Gone this year will be the pilgrimage of thousands to Palo Alto’s Waverley and Ramona streets for elaborate Halloween carnivals and decorations put on by business and tech executives Laurene Powell Jobs, Larry Page and Marissa Mayer. The city isn’t issuing event permits and no police resources have been assigned to any Halloween events, city spokesperson Meghan Horrigan-Taylor said.

Police have also contacted previous Halloween permit event holders regarding the Santa Clara County Public Health Department’s guidelines and the city’s advice about safer forms of celebration, which include small, home-based gatherings, she said.

Some cities and organizations are encouraging people to trade their traditional trick-or-treat activities and parties for scaled-back events. Up to and on Halloween, residents can partake in socially distanced events: Palo Alto will host a Jack-O-Jaunt pumpkin-carving contest and exhibition on California and University avenues on Oct. 30, 5:30-8 p.m.; Filoli Historic House and Garden’s sold-out Howl at the Moon event features a Halloween scavenger hunt, garden stroll and howl; Menlo Park will have a virtual Halloween Hoopla event; and Mountain View will hold a Plaza Haunt with festive decorations at Pioneer Park and Civic Center Plaza.

But most municipal leaders — and residents — expect to celebrate the spooky holiday closer to home. A recent nationwide Nextdoor poll found that 73% of neighbors say they’re looking for an alternative to trick-or-treating this year. Nextdoor has altered its annual Treat Map with icons for COVID-19-safe Halloween activities, promoting more socially distanced activities, such as “haunted decor,” “pumpkin projects” and a “costume wave parade.”

Throughout the Midpeninsula, here’s how residents are rethinking their usual approach to Halloween:

Palo Alto: Candy chutes, a costume ‘parade,’ a scary swim and werewolves

Laura Forrest places some chocolate down a candy chute she built for trick-or-treaters at the entrance of her Palo Alto home on Oct. 20. Photo by Magali Gauthier.

College Terrace resident Laura Forrest is taking an innovative approach to candy deliveries at her Yale Street residence, where she’ll be inside her home waiting for trick-or-treaters who will be guided by a one-way sign to a candy chute. On Halloween, “scary” yellow caution tape and plastic sheeting will cordon off her front steps and door, she said. When she sees visitors arrive, she’ll send candy down the chute, which she constructed from a leaf-blower bag and heavy, spray-painted cardstock. Trick-or-treaters can use a hand-sanitizer station before retrieving the sweets from a witch’s cauldron. A sign guides them to the exit, she said.
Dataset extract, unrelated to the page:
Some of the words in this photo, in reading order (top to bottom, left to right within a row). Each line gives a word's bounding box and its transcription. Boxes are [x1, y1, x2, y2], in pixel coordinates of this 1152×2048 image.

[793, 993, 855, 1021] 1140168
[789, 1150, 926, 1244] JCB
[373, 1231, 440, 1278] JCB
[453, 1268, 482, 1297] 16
The chute “is angled so it is gravity-assisted. My sister came a week ago and we tested it out,” Forrest said. When a candy bar arrived, her sister quickly snapped up the coveted chocolate treasure and refused to give it back, she said.

Forrest set up the chute on Oct. 1 and her ingenuity inspired one neighbor who planned to create her own version to promote social distancing, she said.

She has promoted the candy chute on social media and Nextdoor but isn’t sure whether anyone will show up this year.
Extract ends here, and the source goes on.